## Exercise objective
The response should consist of every line below, unchanged.

*** Opening of Listed records ***

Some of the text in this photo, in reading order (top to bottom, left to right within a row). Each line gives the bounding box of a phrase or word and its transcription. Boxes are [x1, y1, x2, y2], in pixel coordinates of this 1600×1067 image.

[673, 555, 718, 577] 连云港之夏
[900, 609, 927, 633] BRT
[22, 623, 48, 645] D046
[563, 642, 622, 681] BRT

*** Close of Listed records ***

## Completed exercise
Some of the text in this photo, in reading order (top to bottom, left to right within a row). Each line gives the bounding box of a phrase or word and its transcription. Boxes are [x1, y1, x2, y2], in pixel coordinates of this 1600×1067 image.

[673, 555, 718, 577] 连云港之夏
[900, 609, 927, 633] BRT
[22, 623, 48, 645] D046
[563, 642, 622, 681] BRT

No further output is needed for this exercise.